The AI inference process involves two distinct phases: "prefill" (reading the prompt, which is compute-bound) and "decode" (writing the response, which is memory-bound). NVIDIA GPUs excel at prefill, while companies like Grok optimize for decode. The Grok-NVIDIA deal signals a future of specialized, complementary hardware rather than one-size-fits-all chips.

While purpose-built chips (ASICs) like Google's TPU are efficient, the AI industry is still in an early, experimental phase. GPUs offer the programmability and flexibility needed to develop new algorithms, as ASICs risk being hard-coded for models that quickly become obsolete.

Nvidia dominates AI because its GPU architecture was perfect for the new, highly parallel workload of AI training. Market leadership isn't just about having the best chip, but about having the right architecture at the moment a new dominant computing task emerges.

The computational power for modern AI wasn't developed for AI research. Massive consumer demand for high-end gaming GPUs created the powerful, parallel processing hardware that researchers later realized was perfect for training neural networks, effectively subsidizing the AI boom.

The key metric for AI chips (GPUs/TPUs) is achieving a high percentage of theoretical peak performance (e.g., 70-80%).

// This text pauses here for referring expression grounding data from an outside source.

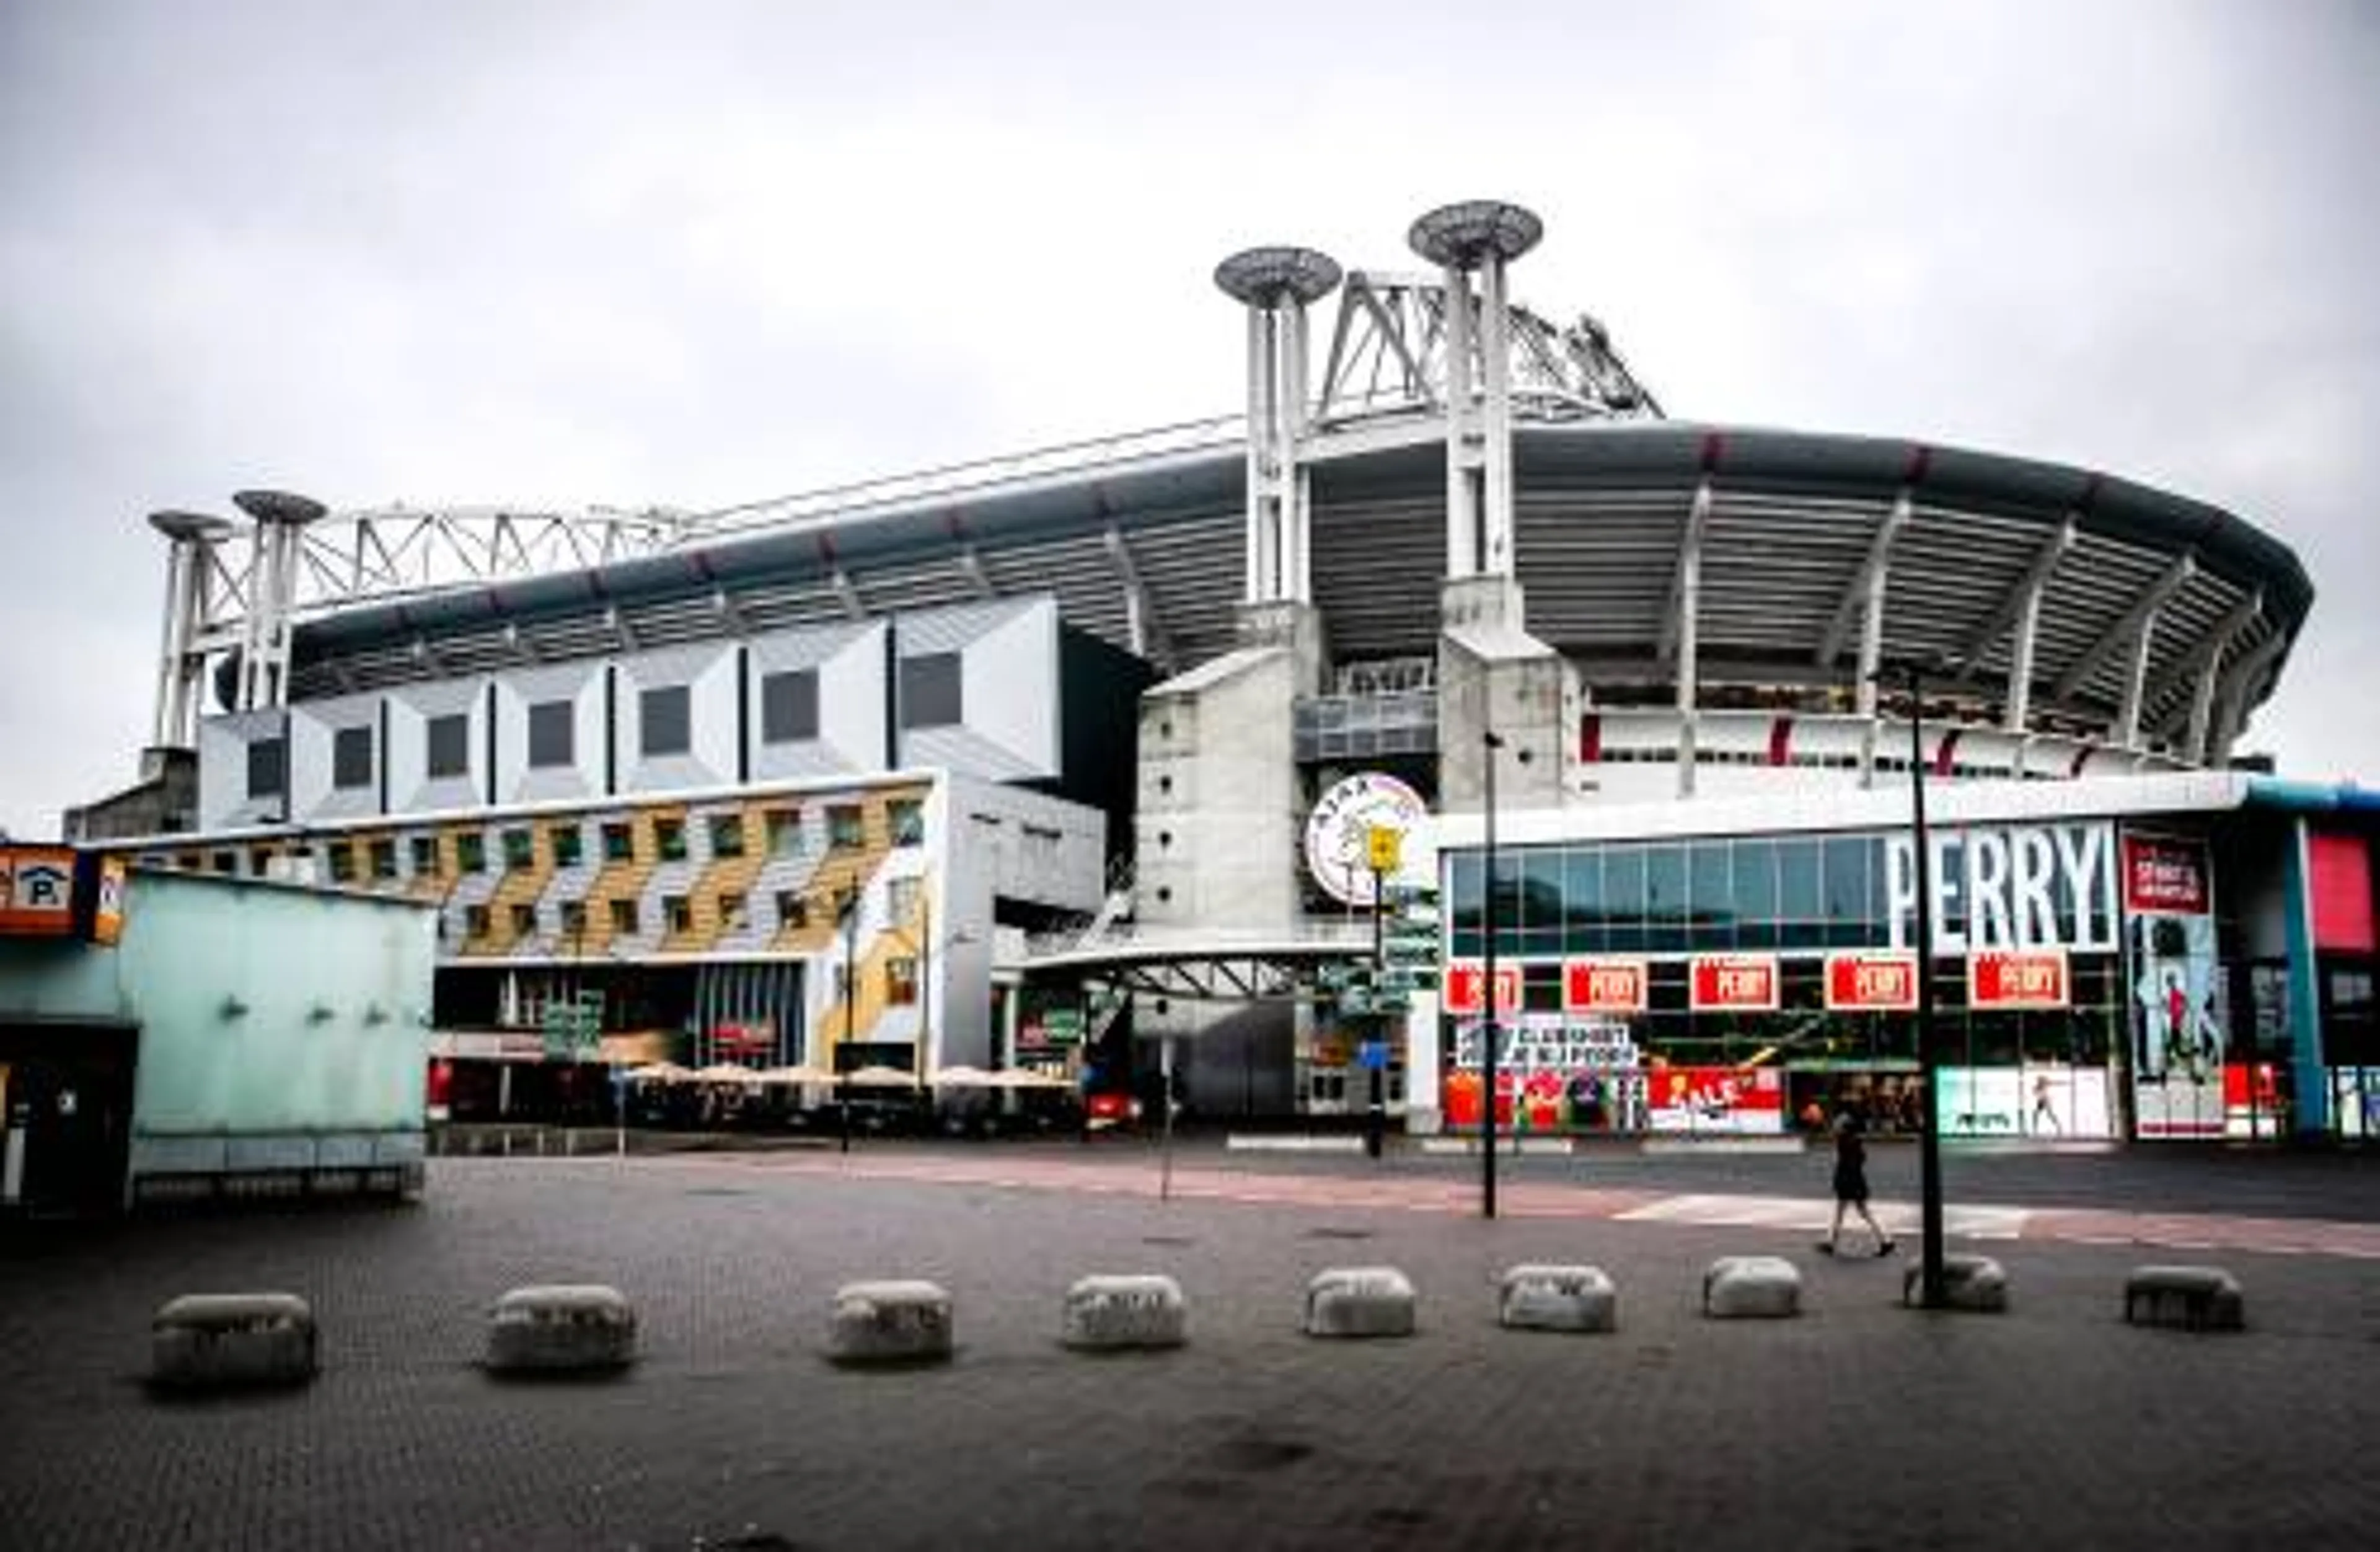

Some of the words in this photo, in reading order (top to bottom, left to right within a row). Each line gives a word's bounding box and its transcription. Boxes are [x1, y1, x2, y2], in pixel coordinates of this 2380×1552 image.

[1886, 827, 2102, 953] PERRY
[1589, 969, 1634, 999] PERRY
[1718, 968, 1766, 999] PERRY
[1857, 965, 1903, 997] PERRY
[1999, 963, 2055, 994] PERRY

This concept, known as "mechanical sympathy," is largely absent in the CPU world, where software performance is so inefficient that measuring against peak is considered nonsensical.

The 2012 AlexNet breakthrough didn't use supercomputers but two consumer-grade Nvidia GeForce gaming GPUs. This "Big Bang" moment proved the value of parallel processing on GPUs for AI, pivoting Nvidia from a PC gaming company to the world's most valuable AI chipmaker, showing how massive industries can emerge from niche applications.

The intense power demands of AI inference will push data centers to adopt the "heterogeneous compute" model from mobile phones. Instead of a single GPU architecture, data centers will use disaggregated, specialized chips for different tasks to maximize power efficiency, creating a post-GPU era.

GPUs were designed for graphics, not AI. It was a "twist of fate" that their massively parallel architecture suited AI workloads. Chips designed from scratch for AI would be much more efficient, opening the door for new startups to build better, more specialized hardware and challenge incumbents.

Instead of using high-level compilers like Triton, elite programmers design algorithms based on specific hardware properties (e.g., AMD's MI300X). This bottom-up approach ensures the code fully exploits the hardware's strengths, a level of control often lost through abstractions like Triton.